§ **PROBLEM STATEMENT**
Each record that follows must be given again without alteration.

[[ DATA PROVIDED open ]]

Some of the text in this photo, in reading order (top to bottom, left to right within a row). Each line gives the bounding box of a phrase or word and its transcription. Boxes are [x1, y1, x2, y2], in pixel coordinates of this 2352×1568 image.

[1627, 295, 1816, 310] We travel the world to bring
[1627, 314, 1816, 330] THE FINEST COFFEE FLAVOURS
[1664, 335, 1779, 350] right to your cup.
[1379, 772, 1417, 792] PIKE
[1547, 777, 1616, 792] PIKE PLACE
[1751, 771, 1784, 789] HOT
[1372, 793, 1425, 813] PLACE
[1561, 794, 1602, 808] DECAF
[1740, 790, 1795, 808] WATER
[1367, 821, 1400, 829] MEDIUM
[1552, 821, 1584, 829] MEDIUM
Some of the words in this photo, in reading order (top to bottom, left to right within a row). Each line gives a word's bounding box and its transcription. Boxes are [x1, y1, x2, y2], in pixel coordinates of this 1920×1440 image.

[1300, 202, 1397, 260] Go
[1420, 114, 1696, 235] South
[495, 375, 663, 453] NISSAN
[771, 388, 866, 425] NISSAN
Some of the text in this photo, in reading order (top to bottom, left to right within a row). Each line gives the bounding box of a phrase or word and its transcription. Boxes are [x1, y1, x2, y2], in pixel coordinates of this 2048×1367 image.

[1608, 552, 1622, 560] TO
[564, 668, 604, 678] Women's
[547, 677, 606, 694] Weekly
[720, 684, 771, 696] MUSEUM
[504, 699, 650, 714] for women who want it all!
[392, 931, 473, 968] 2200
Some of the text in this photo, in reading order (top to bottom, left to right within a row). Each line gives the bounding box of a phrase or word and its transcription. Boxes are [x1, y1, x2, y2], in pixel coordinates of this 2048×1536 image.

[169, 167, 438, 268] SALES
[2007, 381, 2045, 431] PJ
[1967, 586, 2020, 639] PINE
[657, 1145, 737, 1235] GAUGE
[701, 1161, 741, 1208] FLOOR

[[ DATA PROVIDED closed ]]

§ **RESPONSE TO THIS TASK**
Some of the text in this photo, in reading order (top to bottom, left to right within a row). Each line gives the bounding box of a phrase or word and its transcription. Boxes are [x1, y1, x2, y2], in pixel coordinates of this 2352×1568 image.

[1627, 295, 1816, 310] We travel the world to bring
[1627, 314, 1816, 330] THE FINEST COFFEE FLAVOURS
[1664, 335, 1779, 350] right to your cup.
[1379, 772, 1417, 792] PIKE
[1547, 777, 1616, 792] PIKE PLACE
[1751, 771, 1784, 789] HOT
[1372, 793, 1425, 813] PLACE
[1561, 794, 1602, 808] DECAF
[1740, 790, 1795, 808] WATER
[1367, 821, 1400, 829] MEDIUM
[1552, 821, 1584, 829] MEDIUM
Some of the words in this photo, in reading order (top to bottom, left to right within a row). Each line gives a word's bounding box and its transcription. Boxes are [x1, y1, x2, y2], in pixel coordinates of this 1920×1440 image.

[1300, 202, 1397, 260] Go
[1420, 114, 1696, 235] South
[495, 375, 663, 453] NISSAN
[771, 388, 866, 425] NISSAN
Some of the text in this photo, in reading order (top to bottom, left to right within a row). Each line gives the bounding box of a phrase or word and its transcription. Boxes are [x1, y1, x2, y2], in pixel coordinates of this 2048×1367 image.

[1608, 552, 1622, 560] TO
[564, 668, 604, 678] Women's
[547, 677, 606, 694] Weekly
[720, 684, 771, 696] MUSEUM
[504, 699, 650, 714] for women who want it all!
[392, 931, 473, 968] 2200
Some of the text in this photo, in reading order (top to bottom, left to right within a row). Each line gives the bounding box of a phrase or word and its transcription. Boxes are [x1, y1, x2, y2], in pixel coordinates of this 2048×1536 image.

[169, 167, 438, 268] SALES
[2007, 381, 2045, 431] PJ
[1967, 586, 2020, 639] PINE
[657, 1145, 737, 1235] GAUGE
[701, 1161, 741, 1208] FLOOR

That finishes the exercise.